Clarke must blink no more than twice when Octavia is back in front of her, wrapping a blanket around Clarke, and then another around that, before pulling her feet out from under Picasso to slide Clarke’s boots on her.

As soon as the boots are on, Picasso resumes her position, leaning all of her weight against the front of Clarke’s legs.

Octavia’s talking again, but the words aren’t making much sense at all.

“ _Clarke_ ,” she repeats for what is definitely not the first time, but it finally gets her attention.

Clarke feels herself looking up at Octavia and feeling like a small child. Octavia, to her credit, just sighs and settles down next to her on the log. “Clarke, _what_ is going on?”

Her voice carries worry and fear, but they’re not supposed to have to have those feelings anymore. They’re supposed to be happy now.

Clarke feels the familiar wave of guilt, opening her mouth to try and explain. Explain what, Clarke doesn’t know. How does Clarke tell Octavia she keeps reliving her brother’s murder? A murder Clarke committed herself? It doesn’t matter, because all that comes out is another choked sob. One turns into two turns into an unbroken stream of them as Octavia wraps her arms around Clarke and tries to soothe her.

“I’m so sorry,” Clarke whispers. “I’m so, so sorry. I shouldn’t have done it.”

The words pour out of her once she can finally speak. From the way Clarke can feel Octavia tense, Octavia knows exactly what Clarke is talking about.

“It’s okay, Clarke,” Octavia tries. “You did what you had to do to protect Madi.”

“But I didn’t!” Clarke says sharply, fresh out of tears. She sits up straight, pulling out of Octavia’s arms in the process. “I _didn’t,”_ she repeats.

“I could have done— so many things differently. He was _right_ , Octavia. He was right and I killed him because of a stupid book and I lost Madi anyways and he should be here,” Clarke feels herself rambling. “He should _be here._ ”

Her words ring out into the silence, the only sound being the crackling of the fire in front of them. It’s only now that Clarke realizes that Octavia must have been sitting out by the fire still by herself when Clarke barreled out of her cabin.

The silence carries on as Clarke watches Octavia, who takes a shuttering breath before speaking.

“He should be here,” Octavia agrees, the truth of it allowing Clarke to take a breath that is marginally deeper than the last.
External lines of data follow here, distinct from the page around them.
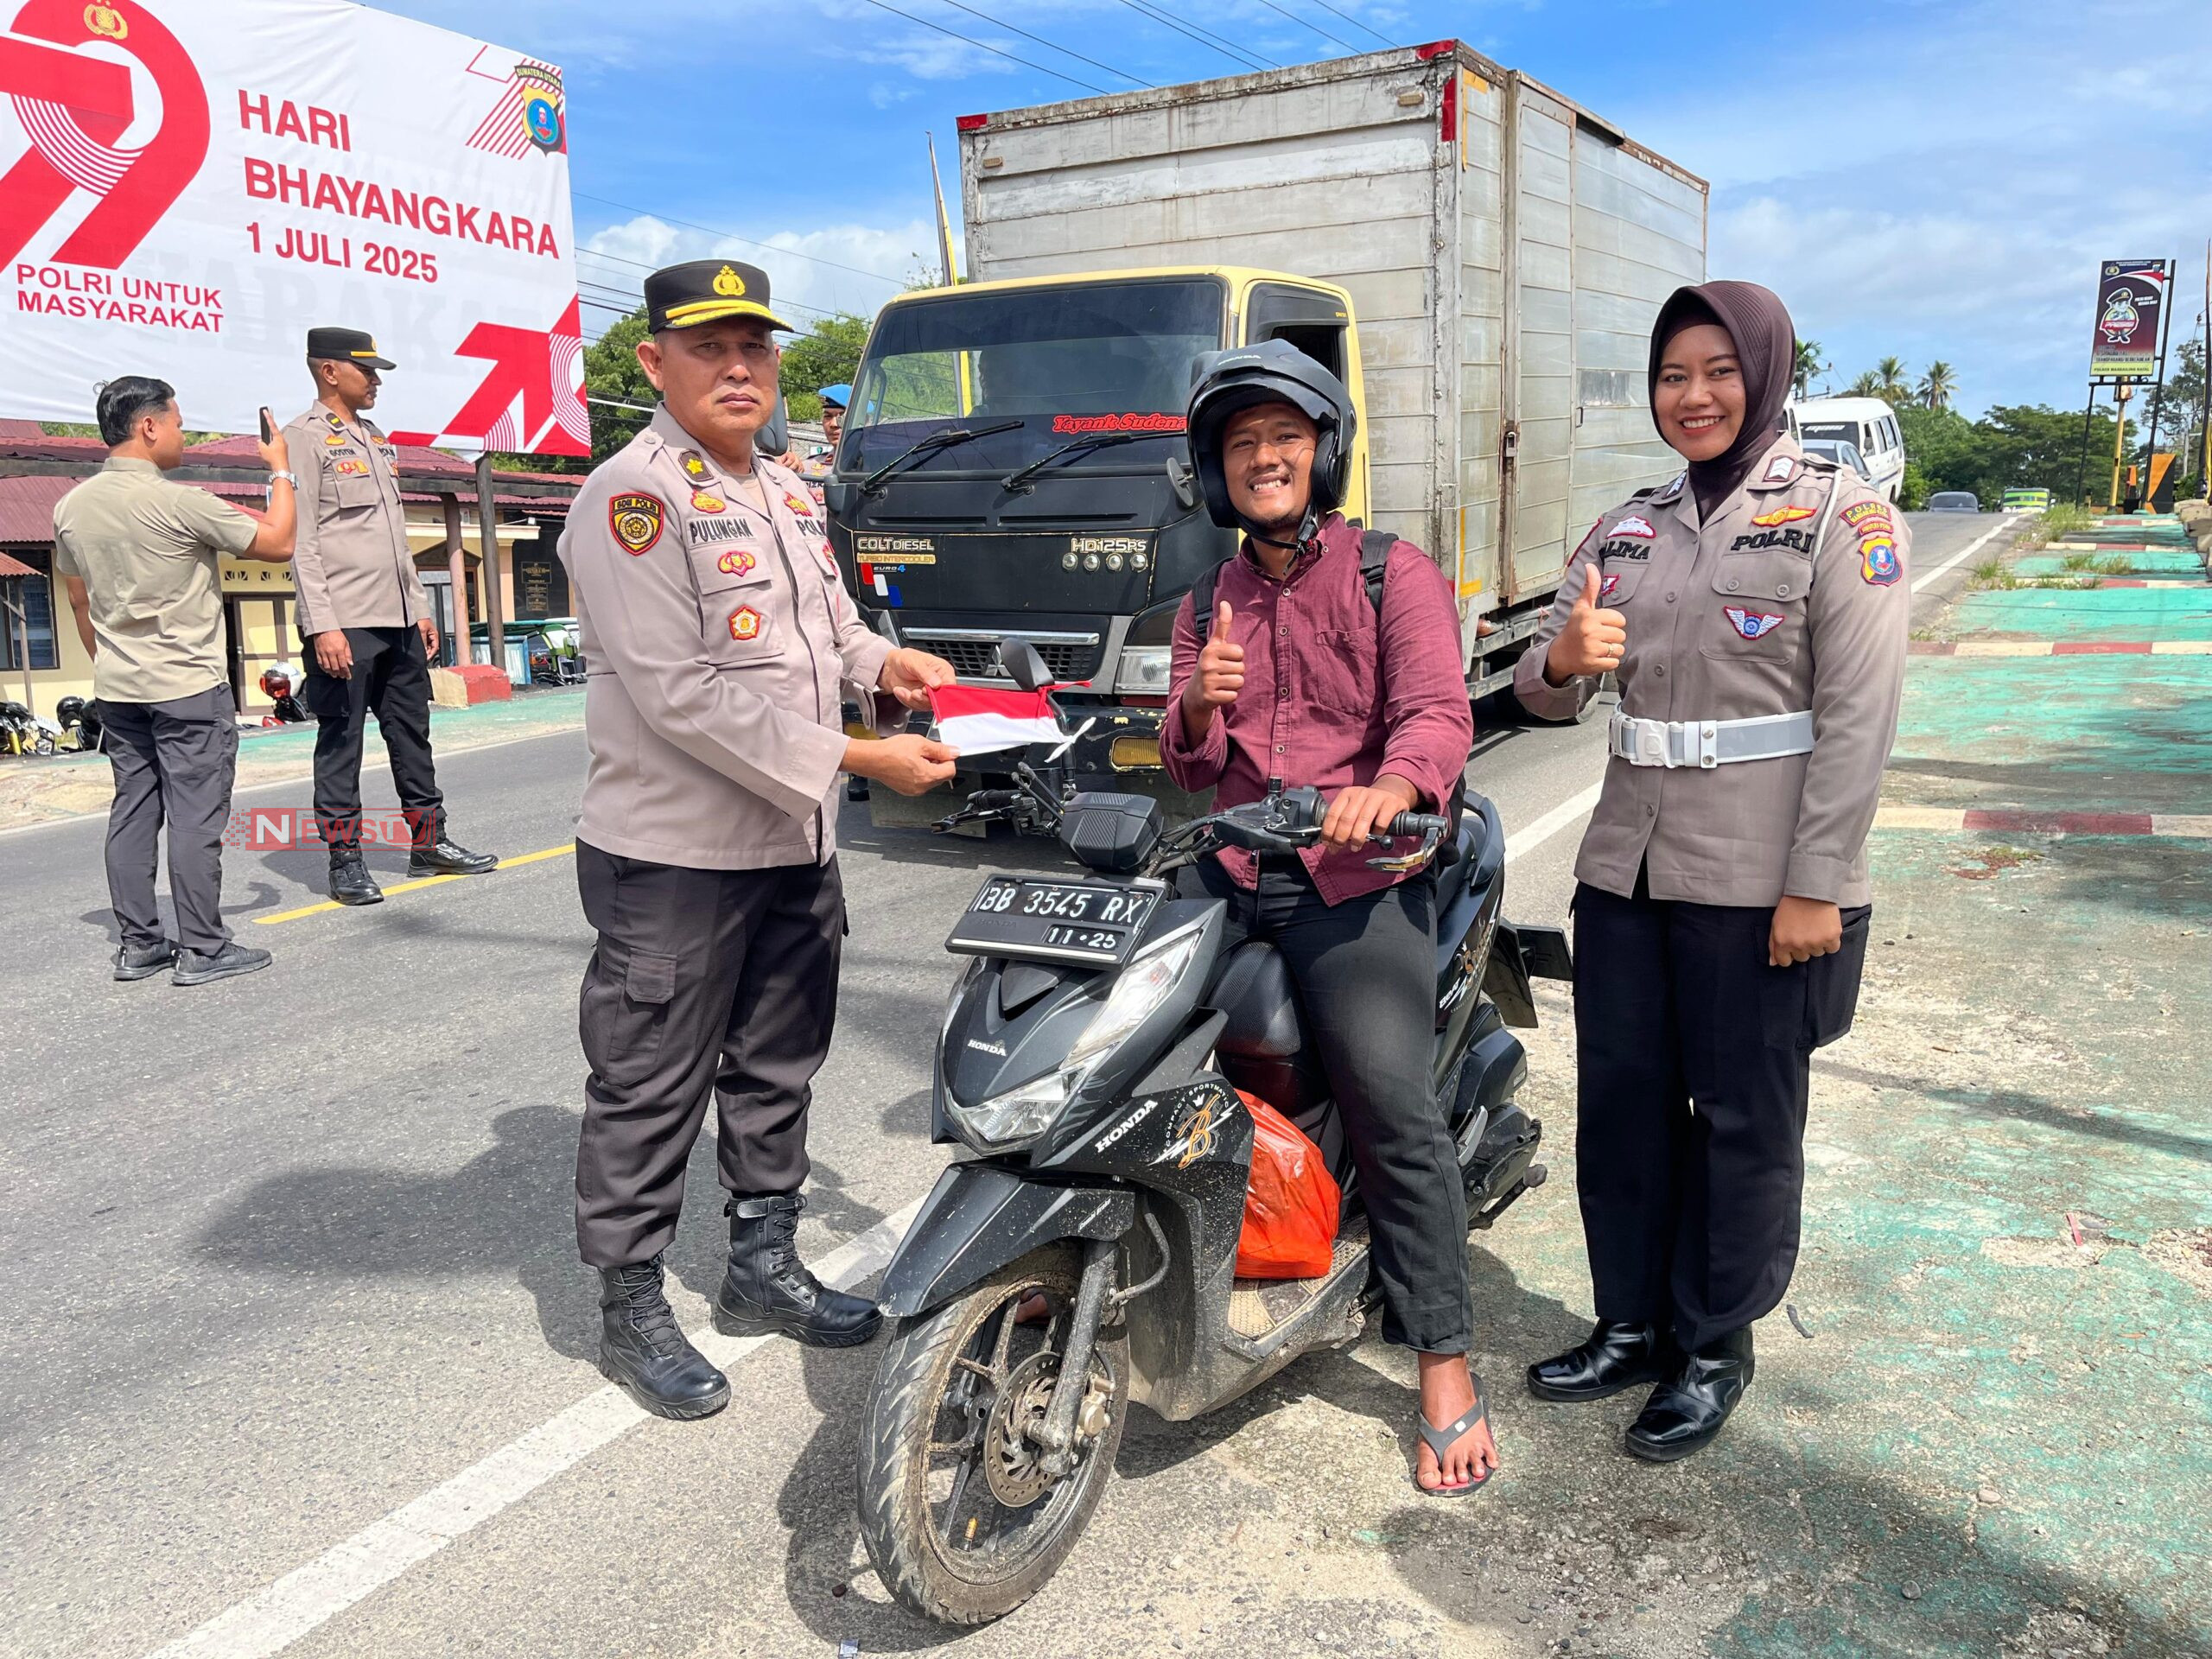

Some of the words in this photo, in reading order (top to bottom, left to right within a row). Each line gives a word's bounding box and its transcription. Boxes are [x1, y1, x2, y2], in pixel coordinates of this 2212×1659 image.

[238, 89, 351, 152] HARI
[245, 156, 560, 259] BHAYANGKARA
[246, 221, 261, 253] 1
[276, 228, 351, 268] JULI
[363, 242, 439, 283] 2025
[16, 264, 112, 296] POLRI
[123, 276, 223, 309] UNTUK
[17, 290, 225, 334] MASYARAKAT
[1052, 414, 1121, 434] Yayank
[690, 518, 754, 544] PULUNGAN
[1730, 528, 1814, 554] POLRI
[897, 564, 906, 573] 4
[978, 887, 1017, 912] BB
[1022, 890, 1092, 918] 3545
[1100, 896, 1143, 924] RX
[968, 1038, 1007, 1057] HONDA
[1094, 1099, 1159, 1154] HONDA
[1165, 1096, 1186, 1148] COMPACT
[1188, 1083, 1230, 1109] SPORTMATIC
“And he’s not because of me,” Clarke says.

At that, Octavia shakes his head. “No Clarke,” she says softly. “He’s not here because we wouldn’t listen. We didn’t give him a chance, when all he ever did was give us second chances. And third and fourth chances in Murphy’s case,” she adds in what Clarke thinks might be an attempt at a joke.

It doesn’t land, they both know it.

If anything, it just makes Clarke tremble again thinking about how willing he always was to listen to everyone. How self-sacrificing he was.
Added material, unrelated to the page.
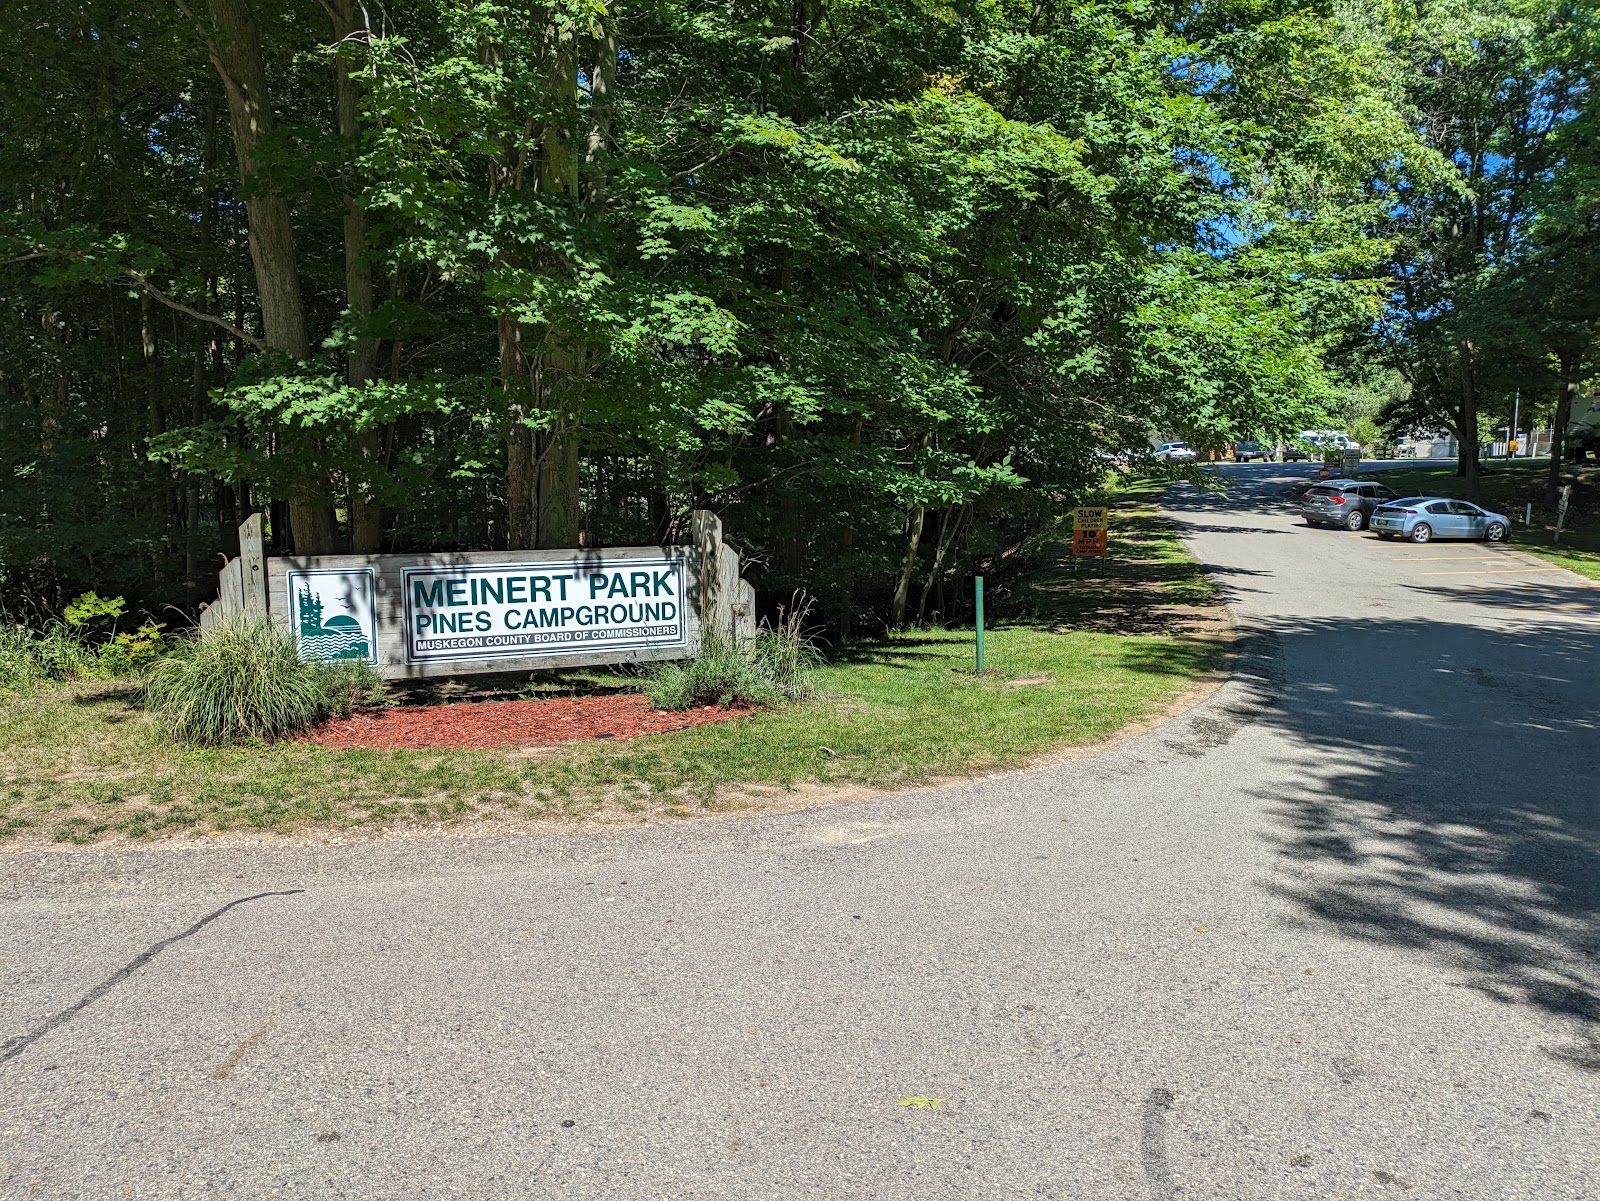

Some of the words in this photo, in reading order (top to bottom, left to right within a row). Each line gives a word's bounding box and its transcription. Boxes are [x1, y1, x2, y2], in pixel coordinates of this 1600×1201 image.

“I relive that day every night,” Clarke rasps out, the barrel of the gun to his forehead burned into her vision.

“I know,” Octavia answers simply, reaching out to pull one of Clarke’s cold hands into both of her warm ones.

“And I think my mind wants to torture me more, because now it’s different, crueler, if that’s even possible. And I want to stop it so badly, take it all back, and I _can’t._ ”

Clarke has been looking at their hands as she spoke, but she looks up at Octavia now. She can see Bellamy in her, despite how different they look. Still, he’s there.

“I miss him so much,” Clarke dares to whisper.

It’s selfish. She shouldn’t get to say things like that, not after what she did. “And I know I have no right to miss him—“

“Says who?” Octavia interrupts her, that Blake fire making her eyes flash. 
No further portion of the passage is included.